Le ricerche in merito alla salute del cervello associata alla solitudine
Il ricercatori del consorzio europeo LifeBrain, guidato dall’Università di Oslo, hanno scoperto come la solitudine forzata e prolungata del tempo sia causa di declino della memoria verbale, provocando quindi difficoltà a ricordare bene le parole.
Gli studi condotti sull’argomento dall’Università di Barcellona, e riportati su Frontiers, hanno evidenziato una maggiore possibilità di sviluppare forme di demenza nei soggetti anziani costretti a vivere da soli.
Nel 2013, un’analisi condotta su oltre 6.000 anziani che avevano preso parte all’English Longitudinal Study of Aging (Elsa), aveva mostrato come le persone con meno contatti e attività sociali all’inizio dello studio riportavano un declino più accentuato delle funzioni cognitive (in termini di fluidità verbale e capacità di memoria).

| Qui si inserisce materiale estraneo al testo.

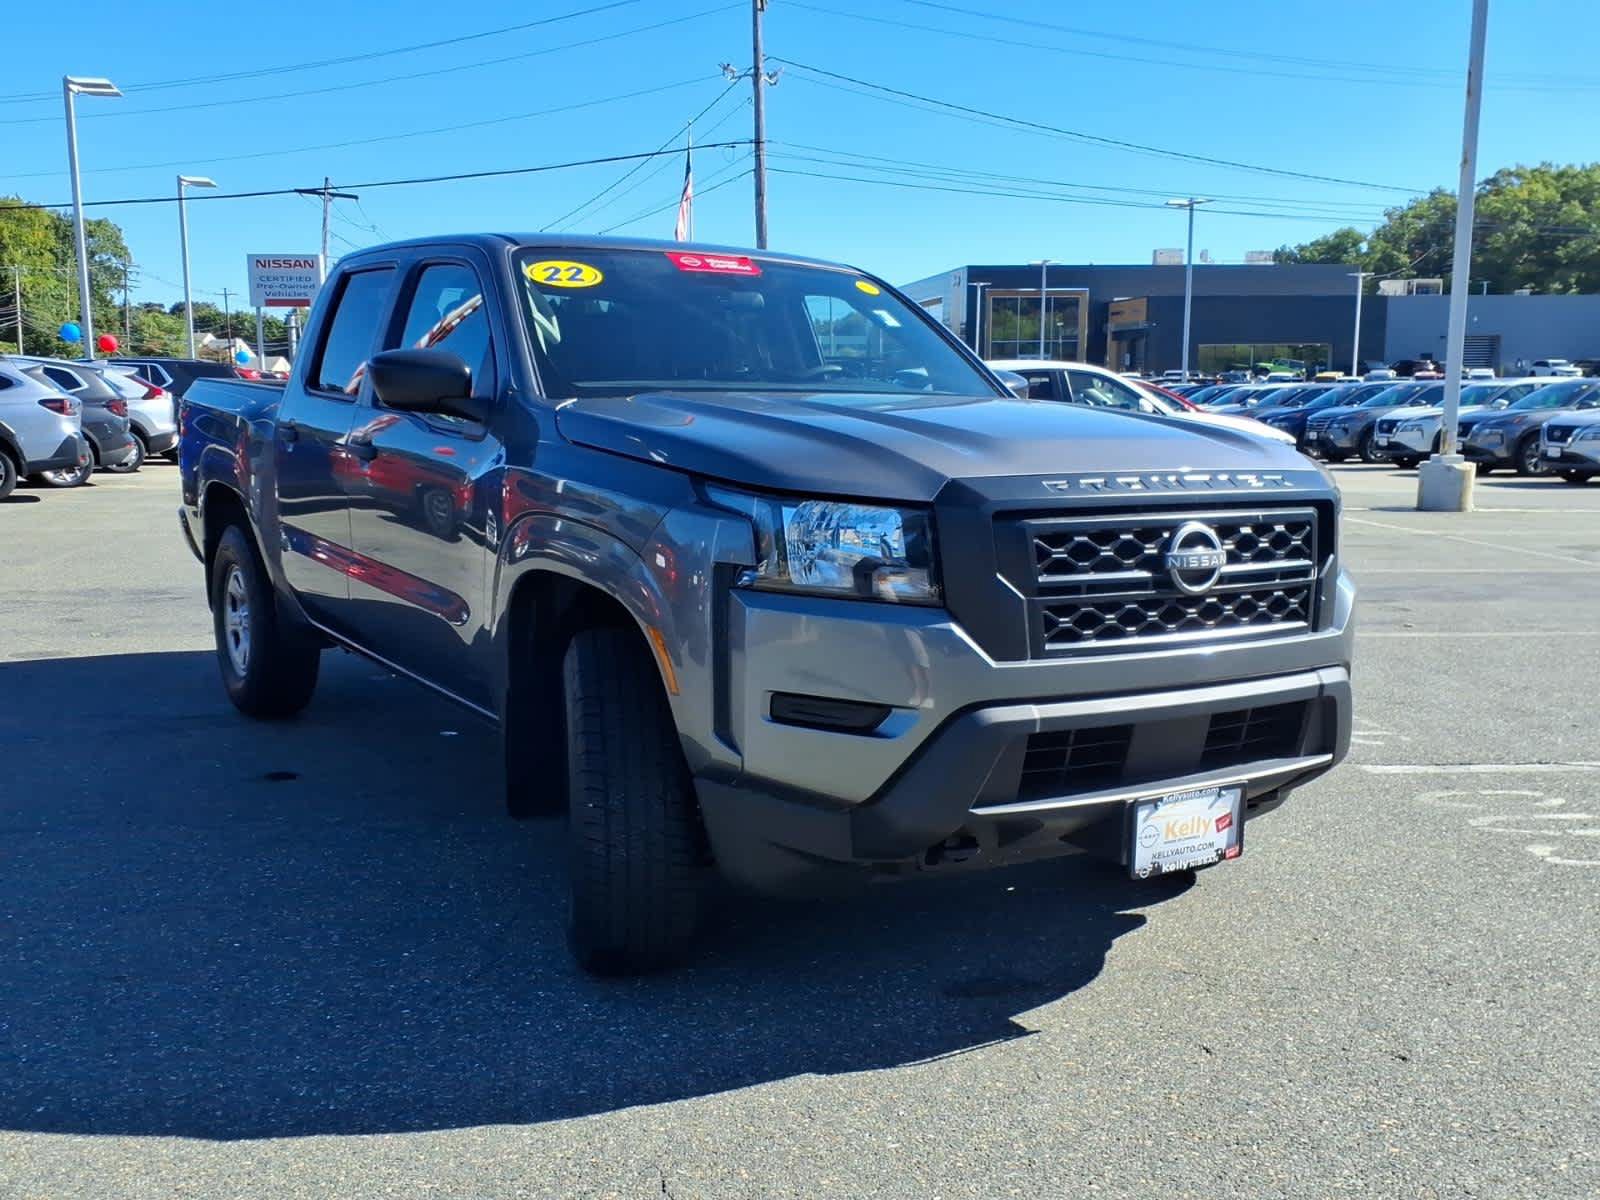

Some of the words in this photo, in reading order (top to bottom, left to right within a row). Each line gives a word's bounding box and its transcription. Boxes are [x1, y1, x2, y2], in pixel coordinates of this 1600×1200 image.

[256, 259, 314, 268] NISSAN
[542, 265, 585, 282] 22
[1167, 551, 1227, 568] NISSAN
[1164, 815, 1212, 840] Kelly
[1151, 842, 1215, 860] KELLYAUTO.COM
[1161, 860, 1190, 873] Kelly
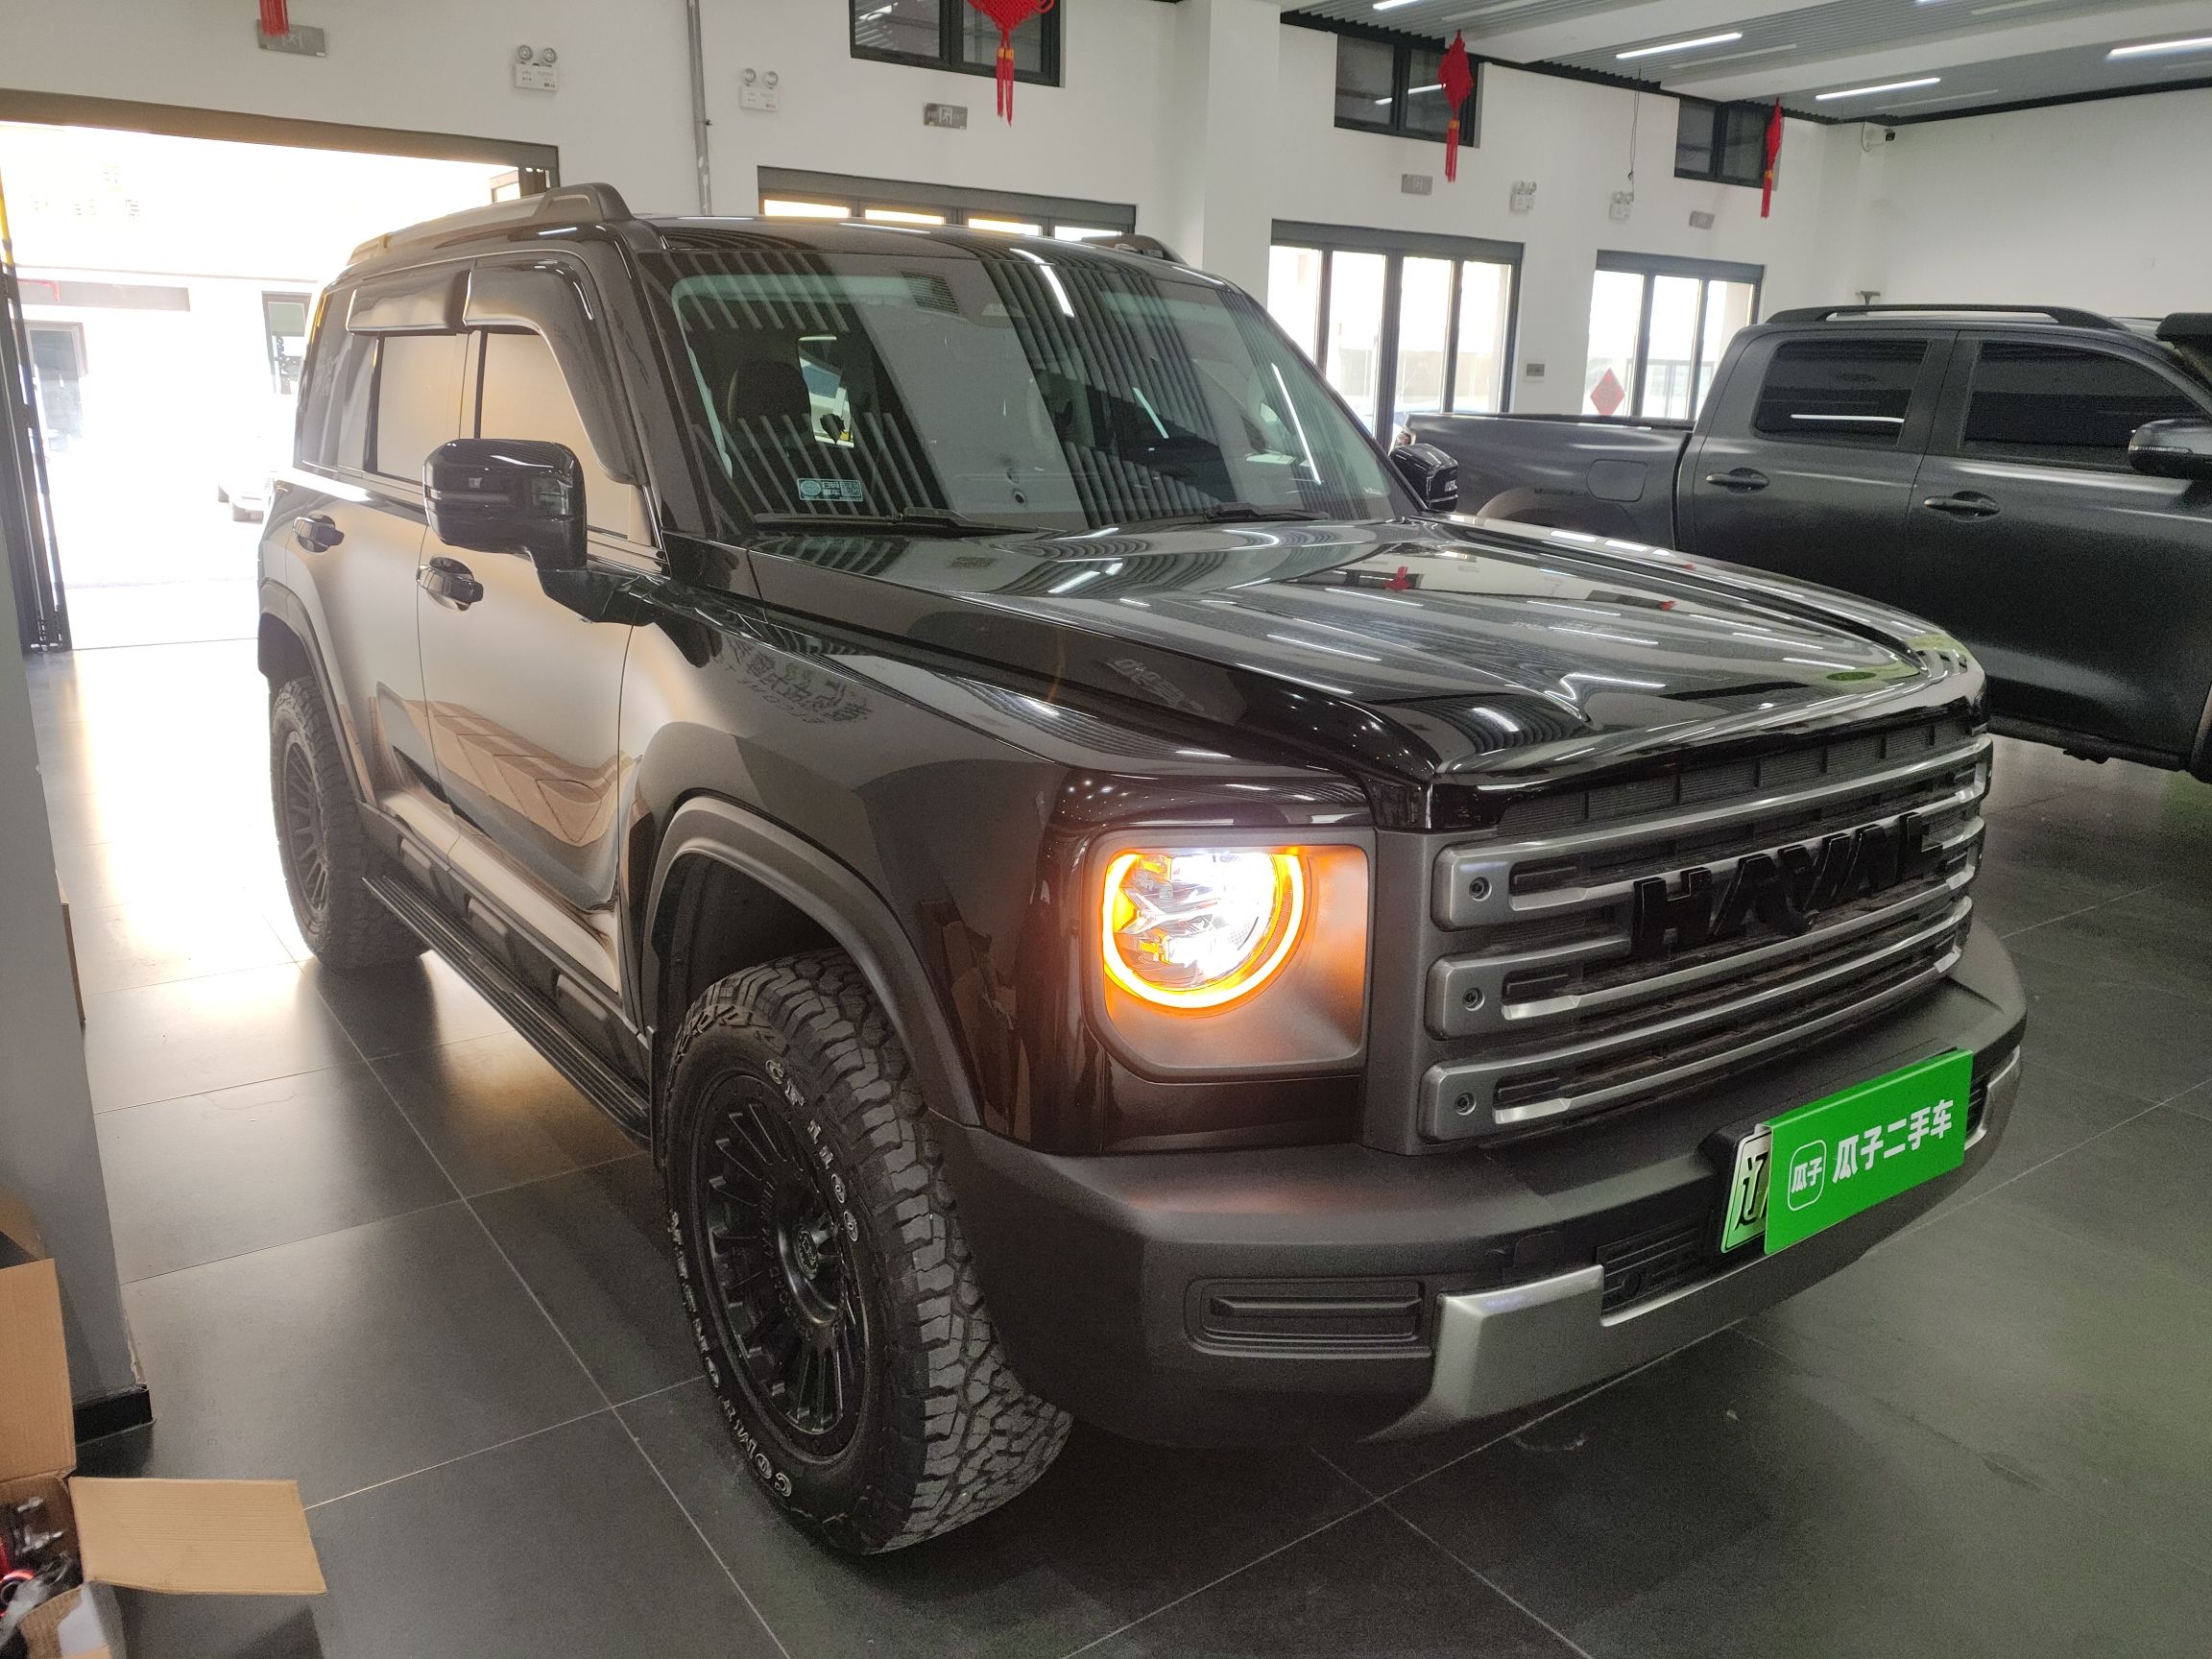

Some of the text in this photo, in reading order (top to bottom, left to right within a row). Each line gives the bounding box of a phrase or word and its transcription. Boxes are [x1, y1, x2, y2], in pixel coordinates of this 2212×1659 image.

[1632, 812, 1943, 960] HAVAL
[1791, 1156, 1823, 1193] 瓜子
[1832, 1098, 1954, 1184] 瓜子二手车
[1734, 1151, 1768, 1230] 辽
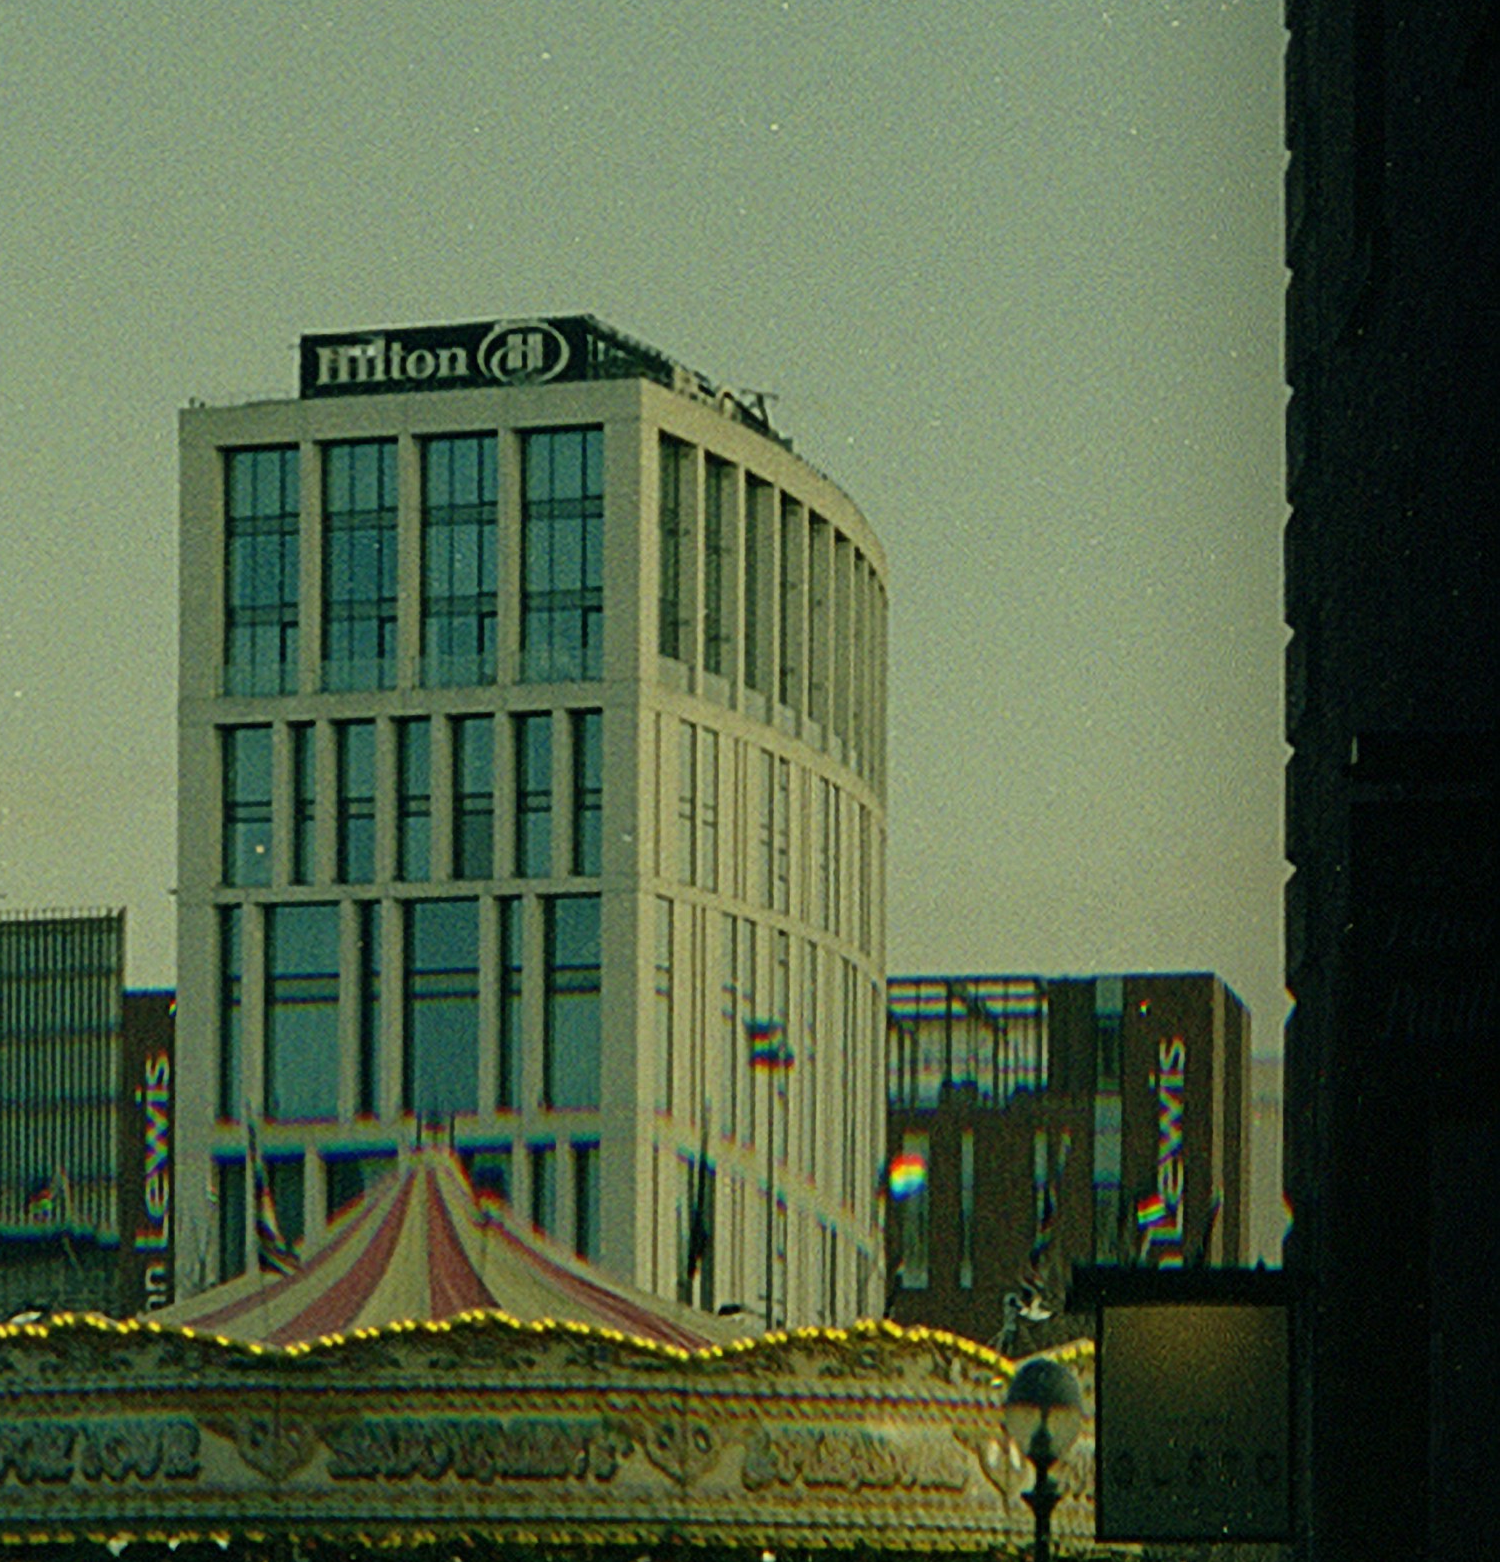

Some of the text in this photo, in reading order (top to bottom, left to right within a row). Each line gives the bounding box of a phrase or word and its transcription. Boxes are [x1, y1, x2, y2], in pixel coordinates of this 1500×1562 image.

[315, 338, 469, 385] Hilton
[134, 1051, 171, 1253] Lewis
[1148, 1035, 1186, 1245] Lewis

DEPRESSIONE ESTIVA: LA SUMMERTIME SADNESS
Non solo il cervello, anche il cuore ne risente
Una meta-analisi dell’Università di York, nel Regno Unito, condotta su oltre 180 mila persone, riporta come la solitudine e l’isolamento sociale sarebbero legati a un aumento del 29% del rischio di infarto o angina e del 32% del rischio di ictus.
Le motivazioni andrebbero ricercate nelle abitudini di vita che spesso si accompagnano alla solitudine: quando si è soli si mangia male, magari si fuma tanto, si pratica meno attività sportiva.
Cosa fare quindi?
Se abbiamo un parente, molto spesso anziano, costretto alla solitudine per varie cause, magari difficoltà fisiche o perché vive in un altra città, possiamo quindi cercare di far qualcosa per lenire il suo stato di isolamento, così da prevenire gravi conseguenze sulla sua salute, sia fisica sia cognitiva.
Se invece la solitudine è un problema che ci riguarda da vicino, il nostro compito è quello di comprendere cos’è che lo stia causando, forse un nostro disagio nel coltivare relazioni sociali, alcune nostre paure o fobie, problemi d’ansia o dinamiche di altro genere.
Parlarne con uno psicologo, per iniziare, potrà solo far bene.